A few humorous language ‘difficulties’ on WP prompted this ditty from me. A conversation about kilts and pants. And it wasn’t for the first time that comments with a fellow blogger took on a whole other meaning. Google doesn’t translate English to American or vice versa. Not that I know of.
Take a stroll on your sidewalk, my pavement,
Watch your ass or my arse on the kerb
Mind out for your trash and my rubbish
Our differences should not perturb
The fact that your fanny’s a bottom
While ours is a word I can’t say
And a name of a female or eejit
Irn Bru captured in ad for some days.
Your diapers are nappies, our trousers your pants,
Our pants are your underwear,
Your shit is our shite, but fuck is still fuck,
Good lord, it’s confusing, I swear!
You might wear a rubber, while I’d just erase,
And your fag’s not my cigarette,
Your sneakers are trainers, my randy your horny
Your buns are not iced/frosted as yet.
Your shag’s not my shag, cos ours copulates
While yours is a dance, I believe.
Your fries are my chips, your chips are my crisps
One language? Who would conceive?
I’ve been wasted; so touched by the pleasure,
Of words kindly said by a blogger.
On telling this truth she thought I was pished/pissed
Or high. It’s becoming a bugger
That words that I say with a smile and a nod
May be viewed with a frown or with glee,
While my reading here still guesses at some
Expressions not heard on TV.
I love it. It’s charming. It’s funny.
Like a joke that no one has used,
Except when we’re chatting and we each say a phrase
That leaves the other aghast, flummoxed/confused.
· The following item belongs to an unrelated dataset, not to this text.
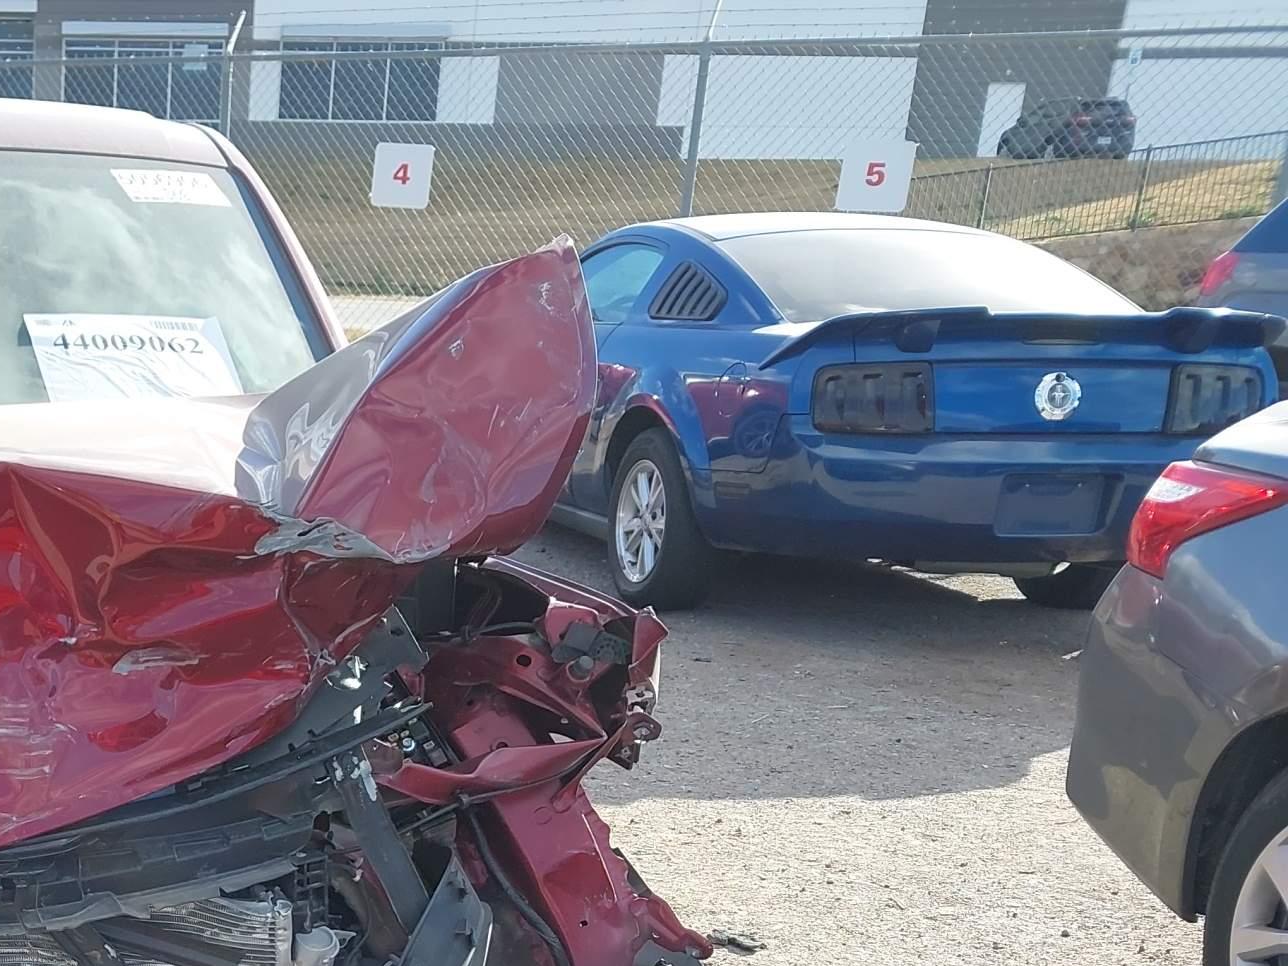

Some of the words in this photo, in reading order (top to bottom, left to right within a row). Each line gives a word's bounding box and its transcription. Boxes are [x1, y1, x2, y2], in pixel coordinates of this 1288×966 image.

[393, 163, 410, 184] 4
[866, 163, 886, 186] 5
[52, 331, 204, 355] 44009062
I’m thinking that we might need translations
To pass off the comments so jolly
A dictionary perhaps, in my boot or your trunk
Or maybe your cart or my trolley.
So before slagging off my sayings
Or I laugh at your craziest of phrase,
It might just be that like you, like me,
There are differences in all of our ways.
So Slainte to the Irish, the English,
Canadians, Scots, Aussies, the Welsh,
To the US of A and whose other Anglais
Is confused by our distinct vocal cords.
I’m all for the accents, the flavour,
The taste of a word said in prose
Or poesy fine, straight or in rhyme,
Though it helps if we sort out our codes. (zip or post)
Bear in mind when watching this that for us, well for me and my crew, this is not a word we would use in common parlance unless in the unlikely event that we met some female by this name. Or maybe, occasionally, if we were humorously calling someone an eejit/idiot/tosser.
On first hearing it in my living room, with some of my kids there, I was speechless. As were they. Then we fell about laughing. It was the talk of the place afterwards, everyone asking everyone else if they’d seen the new Irn Bru advert. Doesn’t take much to make us laugh! And Irn Bru’s very tasty too. Although it still wouldn’t persuade me to call any wean Fanny.